June 19, 2013
  • Exploring Edgar Allan Poe's New York

    While beloved American short story writer and poet Edgar Allan Poe is most closely associated with Baltimore – which even named its football team, The Ravens, after his most famous work — the gothic writer also has a close relation to New York City.

    “He kept on coming back to New York City because he had hoped that this was the place to be for the publishing world,” said Kathy McAuley, director of Poe Cottage. “Unfortunately, even up to the point that he died, it didn’t quite do it for him. It’s significant to know that he came back again and again, looking for that elusive prosperity.”

    Two hundred years after his birth, Poe’s final residence, Poe Cottage in the Bronx, is now a museum, which allows you to see how the author lived the last years of his life, from 1846-49. And it is especially important, as it is the only place left in New York where Poe did live.

    While living in his Bronx home, he wrote and/or published a number of pieces, including “The Bells,” “Ulalume,” “Eureka,” “Annabel Lee” and “The Cask of Amontillado.”

    While all of the other places have been torn down,  there are still places in the city that he frequented.

    One such place is the Northern Dispensary, down in the West Village at Waverly Place and Christopher Street, McAuley said.

    “We do know that when he lived in the Village in 1837, he went there for remedies for a cold,” she said. “[It was] where his doctor’s office was, I guess.”

    Places Poe lived in NYC:
    1837: Sixth Avenue and Waverly Place
    1837: 113 ½ Carmine Street
    1844: 130 Greenwich Street
    1844: West 84th St., btwn Amsterdam Ave. and Broadway
    1845: 154 Greenwich St.
    1845: 195 E. Broadway
    1845: 85 Amity St. (later it was called 85 W. Third St.)
    1846: East 47th Street near the East River in what is now Turtle Bay
    1846: Poe Cottage, 2460 Grand Concourse and East Kingsbridge Rd., the 
Bronx

    Quirky facts about Edgar Allan Poe:

    Poe married his 13-year-old cousin Virginia CLemm in 1835 in Baltimore.

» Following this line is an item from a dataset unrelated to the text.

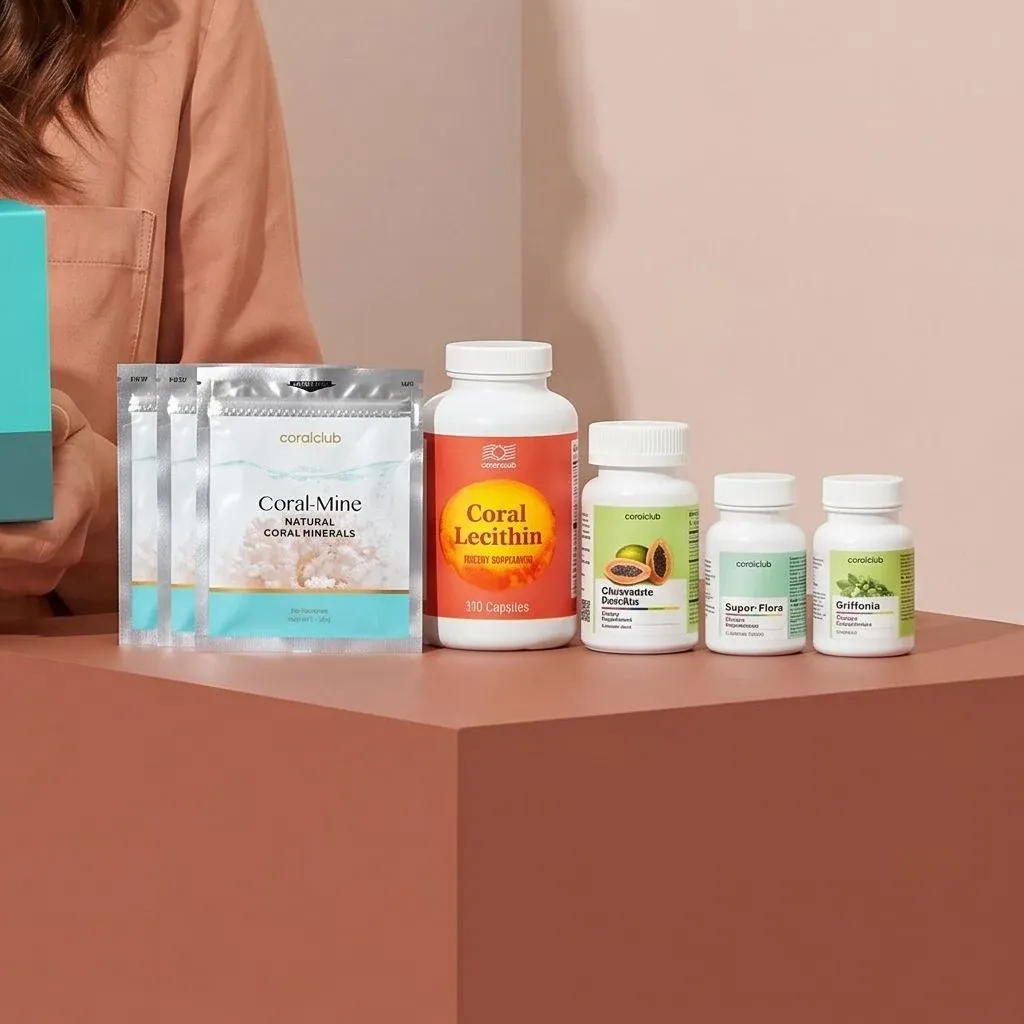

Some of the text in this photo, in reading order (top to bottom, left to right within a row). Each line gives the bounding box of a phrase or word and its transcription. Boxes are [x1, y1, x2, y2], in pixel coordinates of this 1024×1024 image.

    It is said that Poe invented the detective genre.

    To this day, the cause of Poe’s death remains unknown, though it is speculated that it could have been from alcohol, heart disease, tuberculosis, brain congestion, chlorea or rabies

    Many musicians have put Poe’s words to music, including Frankie Lane, Phil Ochs and Joan Baez.

    His first published work, released in 1827, was “Tamerlane and Other Poems,” credited to “a Bostonian” 

    Poe’s older brother, William Henry Leonard Poe (1807-1831), was also a published author, with his poem “Dreams” and his short story, “The Pirate,” coming out in 1827

    Also named Edgar Allan Poe, the author’s great nephew (1871-1961) was Attorney General of Maryland from 1911-1915.

    "The Balloon Boy" of the 19th century

    While a balloon hoax is in all the headlines these days, Poe was responsible for a balloon hoax of his own in 1844. The author had written a story in The Sun about Monck Mason, a European balloonist who crossed the Atlantic Ocean in a mere 75 hours. Diagrams and specifications of the balloon were included with the article.